By Mike BurgessNews Industry News
Five years ago, I wrote, “There is an old saying that comes from the Huna tradition that says, ‘For everything in life you must pay attention. To the degree you do not pay attention, you pay with pain.’” Wise words to be sure, but still falling on deaf ears it seems.
Twenty-two recommendations of the Shand Coroner’s Inquest resulted in legislation changes and new training standards in some, but not all, Provinces in Canada.
The response by Ministries that oversee Guards and Private Investigators has been disjointed, to say the least and there is still no common path forward. So where are we today, five years on? We now have mandatory 40-hour “basic training” courses in most of Canada, but there are still some Provinces where a person with a clean criminal record can simply apply for a licence, pay a fee and is instantly a guard. Arguably the core issue in the Patrick Shand case, use of force training, has gone mostly ignored with one or two exceptions.
This contentious part of security licensing is use of force, specialty skills training and testing. This issue remains unresolved in most of the country. For those who have attempted it, no two are on the same page.
Shand inquest recommendation: “Security practitioners whose duties may include making arrests or the lawful application of force should be re-certified annually with respect to Use of Force Training.”
“Mandatory training should be delivered by qualified trainers certified by the Ministry.”
Here’s where we are today with this:
Some Provinces prohibit guards from carrying handcuffs and/or batons, some don’t mention them at all except as equipment that may be issued upon obtaining permission. Some require refresher training in the use of handcuffs, but not the use of physical force, once every three years. Some require “certification” in an American-based system that was originally designed for police and corrections. Still others are not prepared to address the issue at all.
To quote one Ministry official, where the standards were contemplated then set aside, “the Provincial government feels it has no place in interfering with the internal operations of private security. If a company and its clients feels they should train and equip their guards in the uses of force for the protection of persons or property, the criminal and civil accountability for their actions in a given case ultimately rests with them and not the government. They have no more authority to act than any other citizen.”
As Provinces continue to contemplate what they should or should not do in regards to use of force training standards I am reminded of what the courts call “the two step test.” The Supreme Court stated in 2003 … “reasonable force” in the context of a given case may have to have regard not only to what force is necessary to accomplish the arrest, but also to whether a forcible arrest was in all the circumstances a reasonable course of action in the first place. This is the true core issue, in my opinion, surrounding use of force and arrest by persons who are not police officers.

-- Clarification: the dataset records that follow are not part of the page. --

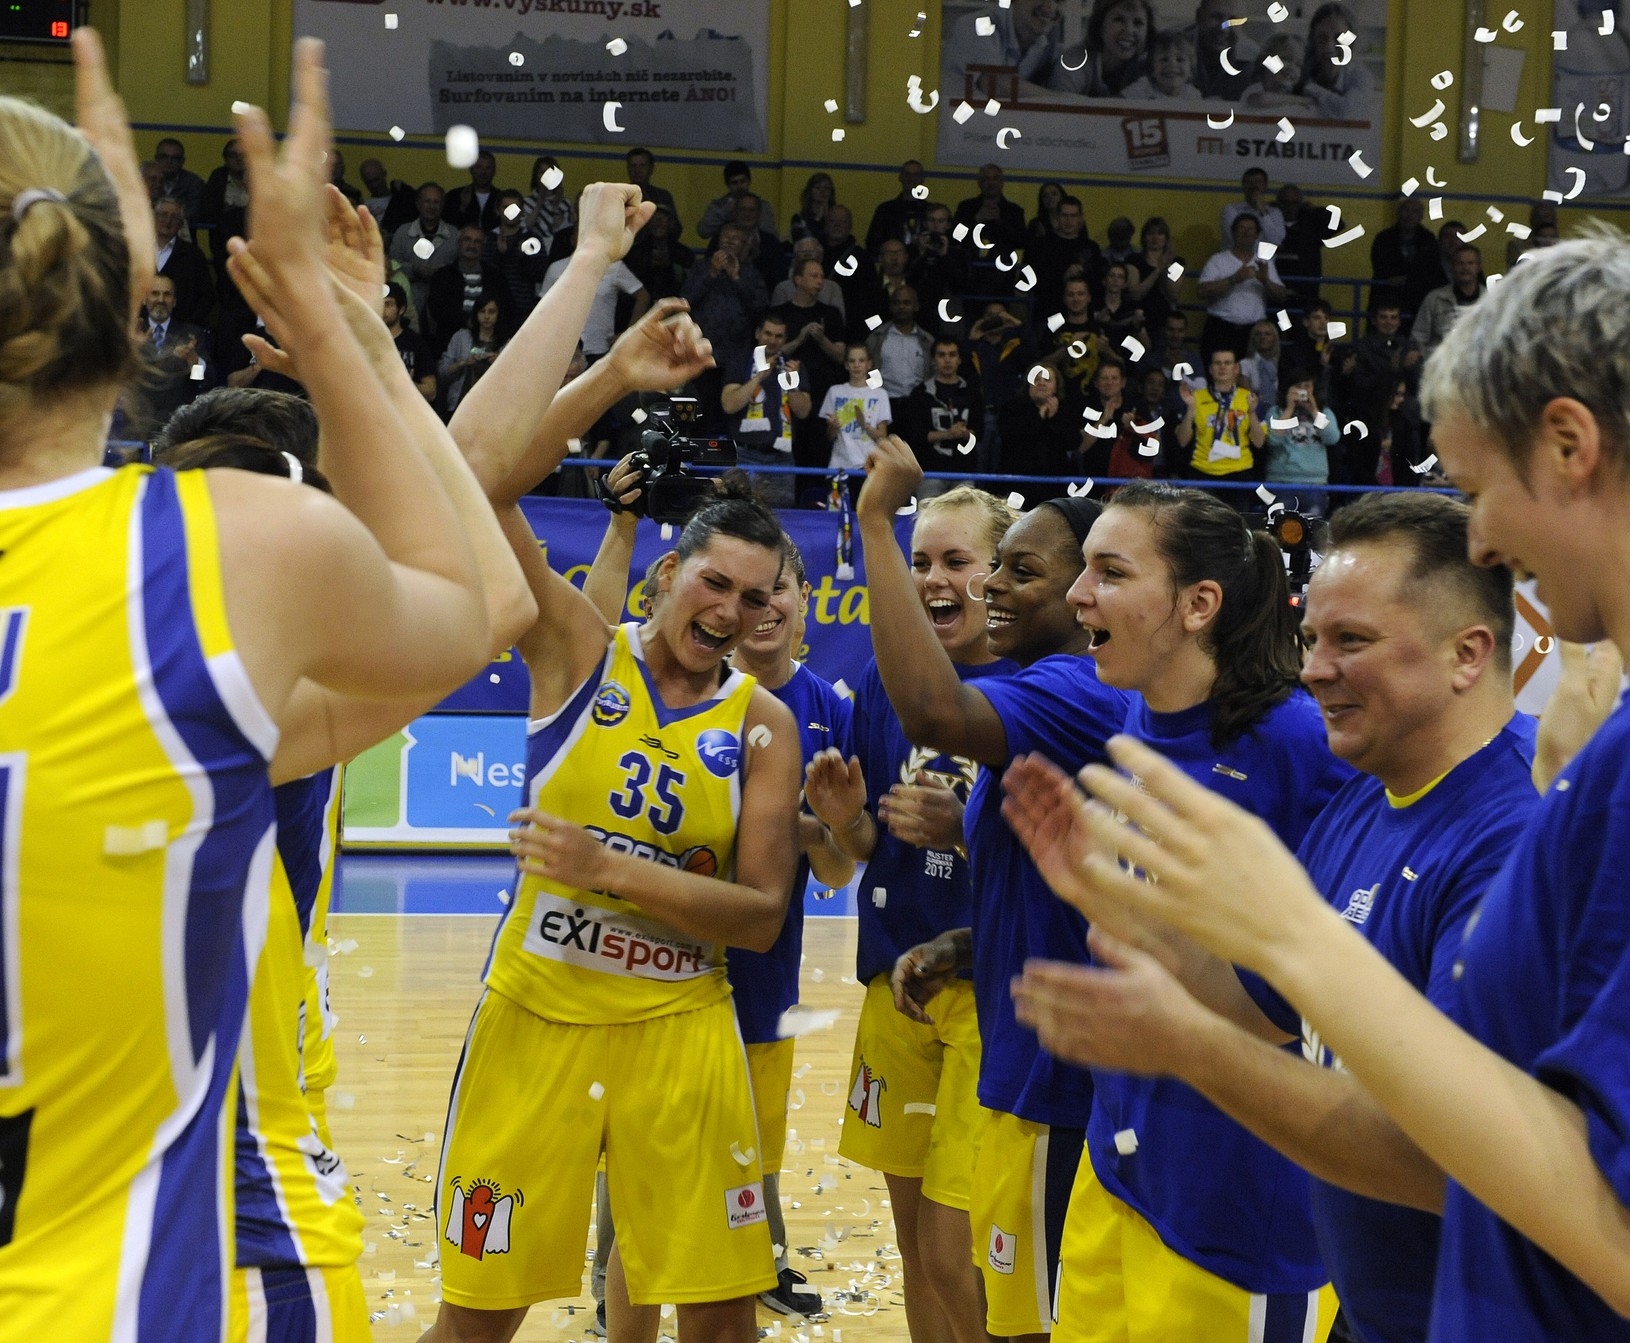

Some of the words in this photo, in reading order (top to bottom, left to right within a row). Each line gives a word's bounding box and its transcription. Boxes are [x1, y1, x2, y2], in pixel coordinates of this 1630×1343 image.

[426, 0, 662, 20] w.vyskumy.sk
[538, 73, 548, 82] v
[552, 70, 622, 82] novinách
[439, 88, 555, 103] Surfovaním
[560, 92, 584, 103] na
[589, 88, 680, 103] internete
[685, 84, 736, 102] ÁNO!
[1127, 118, 1162, 147] 15
[1236, 138, 1359, 162] STABILITA
[610, 751, 686, 835] 35
[924, 861, 953, 880] 2012
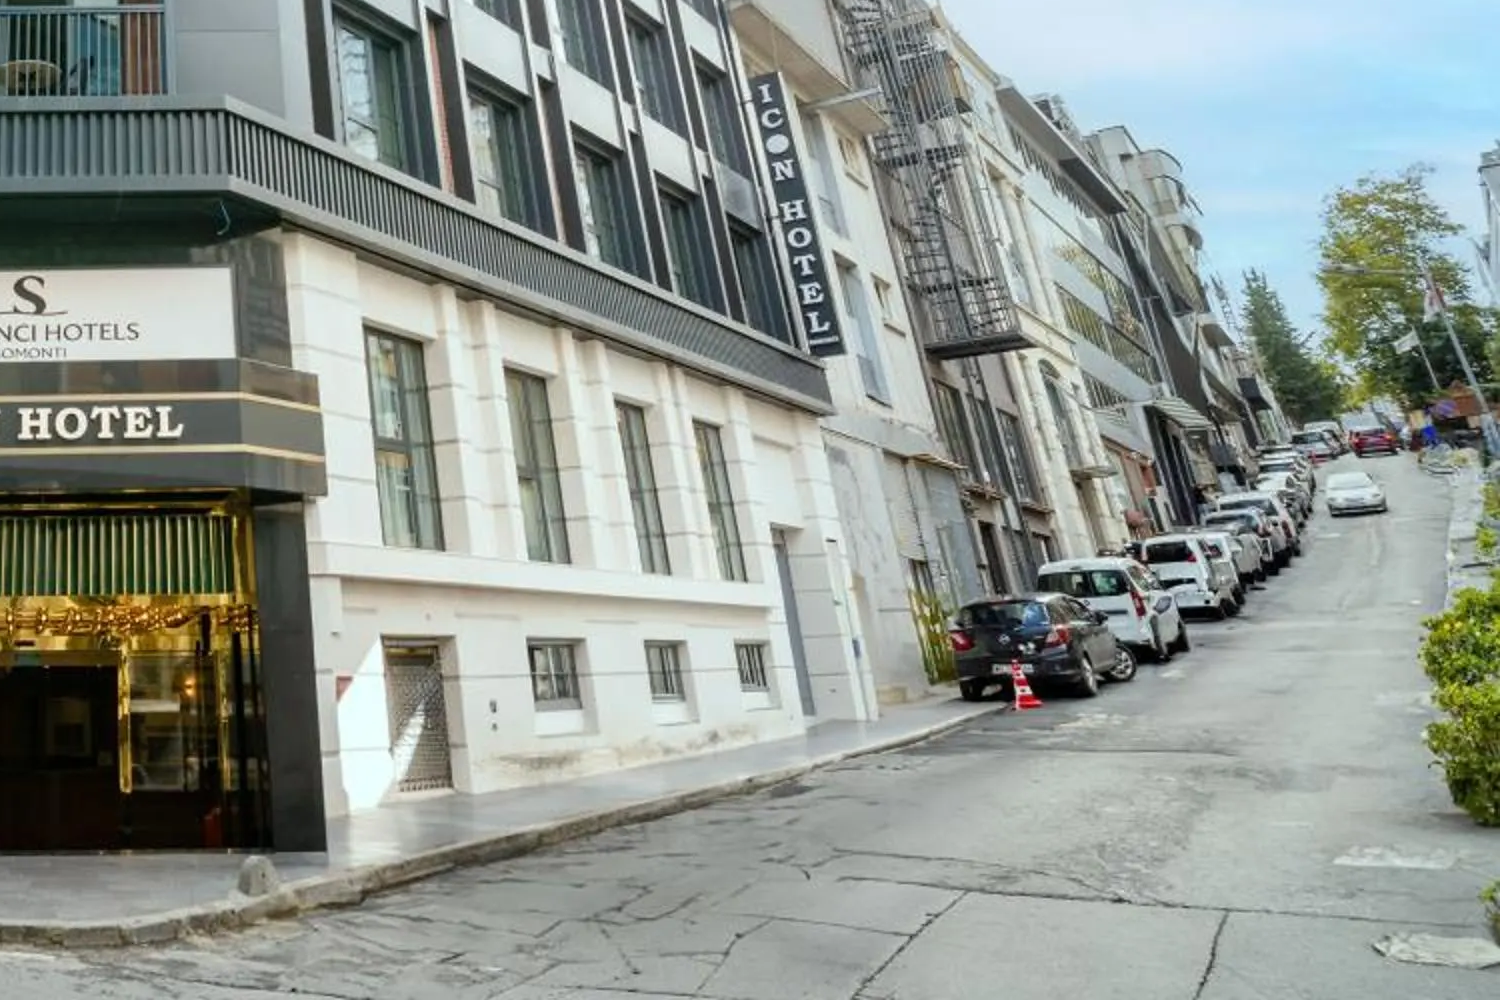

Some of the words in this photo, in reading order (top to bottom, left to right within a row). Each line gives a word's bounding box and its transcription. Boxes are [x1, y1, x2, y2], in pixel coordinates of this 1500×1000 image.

More than one Provincial government official has commented to me that “they want nothing to do with the issue of vetting use of force instructor’s credentials. Due diligence matters relative to Occupiers Liability are best left to the companies themselves to determine.” Despite this, a couple of Provinces now have requirements in place to be an approved instructor in the use of force. A scary thought if you fully understand the implications and potential backlash of this.

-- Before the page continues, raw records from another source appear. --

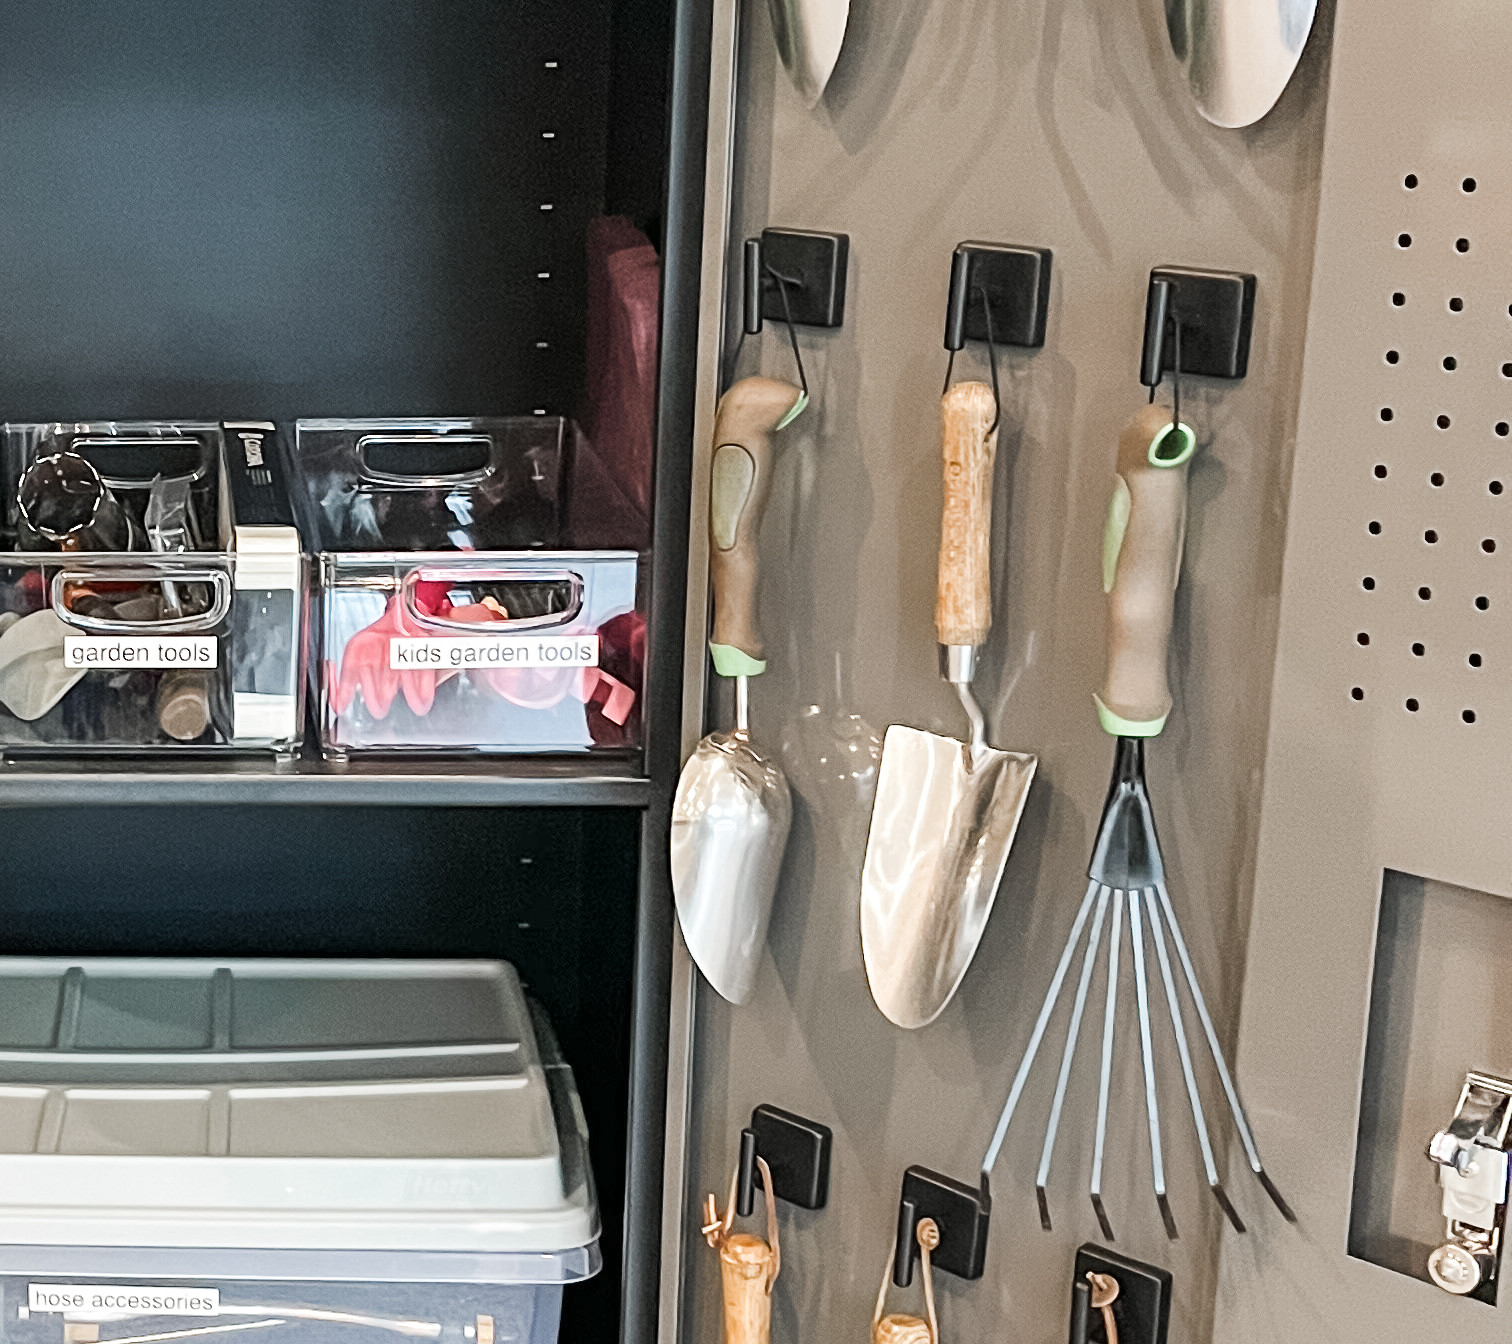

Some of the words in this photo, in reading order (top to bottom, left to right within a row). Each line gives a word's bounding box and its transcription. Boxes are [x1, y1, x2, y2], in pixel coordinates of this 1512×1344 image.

[72, 643, 149, 664] garden
[158, 643, 210, 662] tools
[397, 644, 441, 662] kids
[450, 643, 529, 665] garden
[538, 642, 592, 661] tools
[36, 1290, 84, 1306] hose
[92, 1294, 213, 1310] accessories

In my work as a subject matter expert, I often am called to give subjective opinions on standards and marked departures. Fault or responsibility, based on carelessness or lack of due diligence involving a marked departure from the “norm,” is ultimately based on an objective test by the court. That test involves assessing a person’s or company’s actions against the standard of the reasonable person and/or industry. Those standards are not set by any Provincial Ministry, they are dictated by a jury of our peers in a courtroom.
I was reminded by a judge during my testimony, that there is no such thing as “best practice” when it comes to the courts. The court accepts what is known as “successful practice” to refer to the “way things have always been done…and everyone is doing it this way.” The judge’s comments are etched in my mind now as I see their point: “Consensus between people within an industry does not necessarily make the untrue true.” Standards can be set, regulations written, however at the end of the day the acid test is the court for reasonableness.

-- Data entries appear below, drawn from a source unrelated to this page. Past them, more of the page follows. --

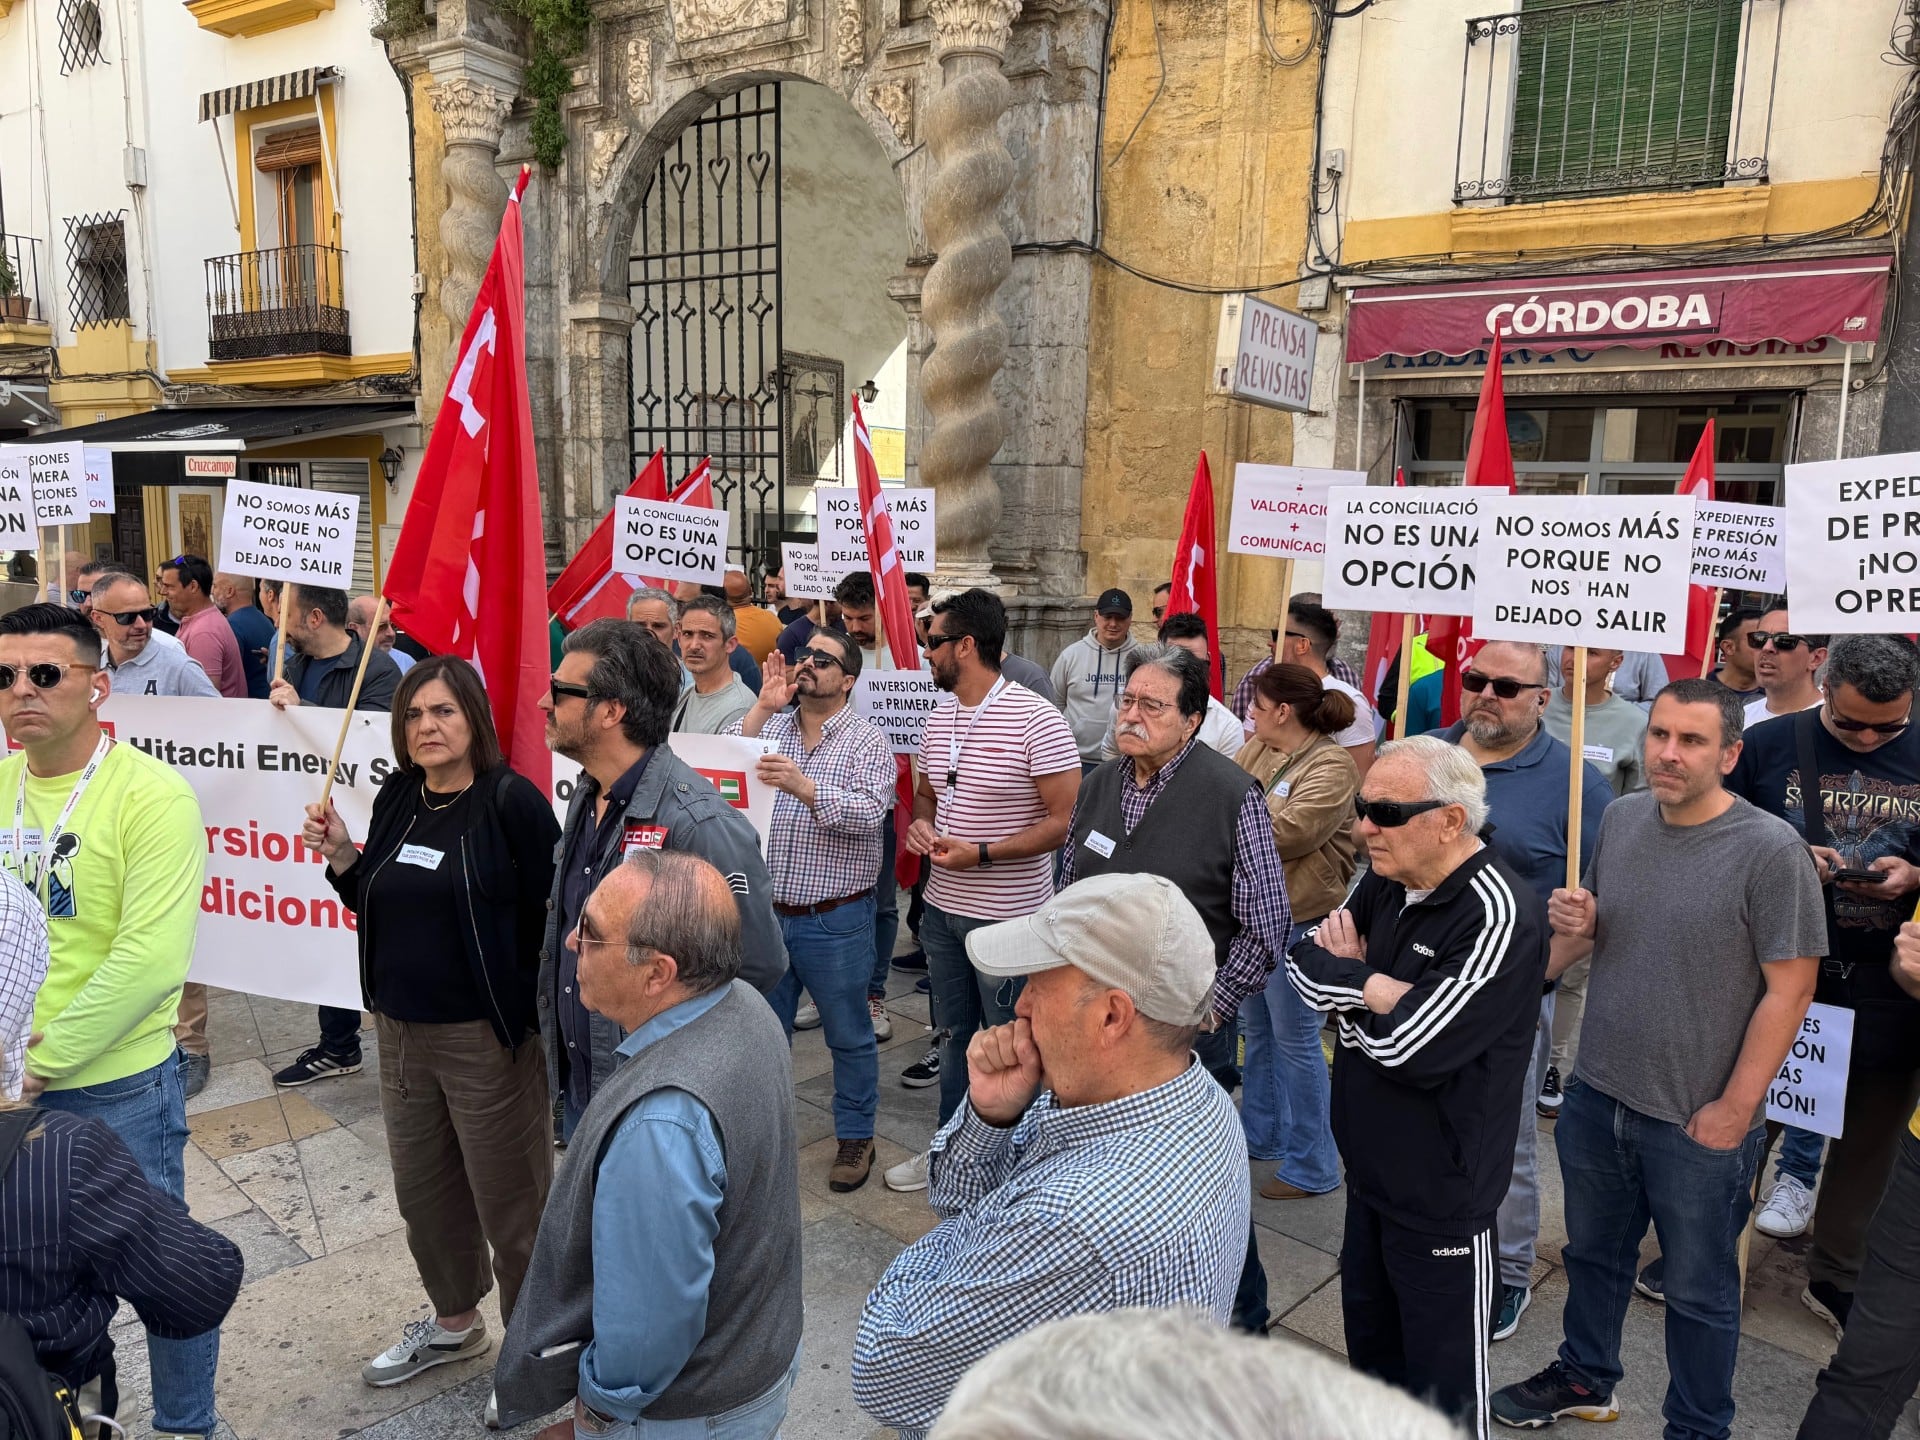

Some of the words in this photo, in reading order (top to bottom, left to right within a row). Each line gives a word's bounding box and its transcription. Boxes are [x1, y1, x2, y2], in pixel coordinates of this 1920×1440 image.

[1486, 296, 1711, 337] CÓRDOBA
[1251, 309, 1306, 359] PRENSA
[1240, 352, 1308, 401] REVISTAS
[188, 458, 235, 474] Cruzcampo
[237, 494, 262, 509] NO
[267, 501, 310, 515] SOMOS
[314, 502, 350, 520] MÁS
[827, 500, 849, 512] NO
[896, 497, 927, 512] MÁS
[1250, 499, 1327, 515] VALORACI
[1347, 501, 1364, 514] LA
[1369, 499, 1478, 515] CONCILIACIÓ
[628, 506, 640, 516] LA
[643, 509, 719, 527] CONCILIACIÓN
[900, 520, 920, 530] NO
[1496, 516, 1534, 536] NO
[1541, 522, 1611, 538] SOMOS
[1618, 511, 1679, 539] MÁS
[243, 515, 309, 535] PORQUE
[318, 526, 340, 539] NO
[627, 521, 653, 536] NO
[660, 526, 676, 540] ES
[683, 529, 718, 546] UNA
[1344, 524, 1384, 545] NO
[1394, 525, 1420, 546] ES
[1828, 514, 1869, 541] DE
[259, 536, 285, 549] NOS
[295, 541, 321, 553] HAN
[1707, 528, 1777, 547] PRESIÓN
[235, 551, 292, 569] DEJADO
[300, 558, 342, 575] SALIR
[626, 543, 716, 571] OPCIÓN
[788, 550, 802, 559] NO
[831, 551, 869, 562] DEJAD
[899, 550, 925, 562] ALIR
[1506, 548, 1610, 571] PORQUE
[1624, 554, 1661, 573] NO
[1724, 548, 1757, 562] MÁS
[794, 563, 818, 573] PORQ
[1859, 551, 1917, 580] ¡NO
[804, 574, 817, 582] NOS
[793, 584, 822, 593] DEJADO
[1531, 579, 1570, 595] NOS
[1588, 581, 1629, 598] HAN
[1496, 605, 1582, 627] DEJADO
[1596, 608, 1666, 633] SALIR
[868, 681, 939, 692] INVERSIONES
[873, 701, 884, 710] DE
[886, 698, 938, 711] PRIMERA
[868, 716, 927, 728] CONDICIO
[889, 733, 922, 746] TERC
[1775, 1061, 1802, 1084] ÁS
[1432, 1247, 1470, 1256] adidas

Today licenced guards can still move directly into positions such as loss prevention, where they may make arrests on a daily basis. No training in the use of force is required. This may change with time but there does not seem to be the political will to do so.
Issues surrounding uniforms, dogs, identification, records keeping, oversight bodies, portability of licences, seems to have been addressed in those Provinces that have implemented changes to legislation. That’s the good news. The bad news is that the toughest issue is still yet to be fully addressed, in my opinion.
At a keynote speech a few years ago I was asked, “How do we raise the level of training standards nationally, especially amongst contracted security?” I answered by saying “respectfully…look in the mirror. You get what you ask for and what you insist upon. Don’t let the industry or government dictate standards that are ultimately unacceptable to you. Redefine what ‘trained’ means to you and is acceptable to the courts and write that into all your RFPs and contracts.”
Government standards are minimums only; you need to set your bar above that.
Mike Burgess is the president of M.D. Burgess And Associates Inc. and is a court-recognized subject matter expert in security training and the use of force.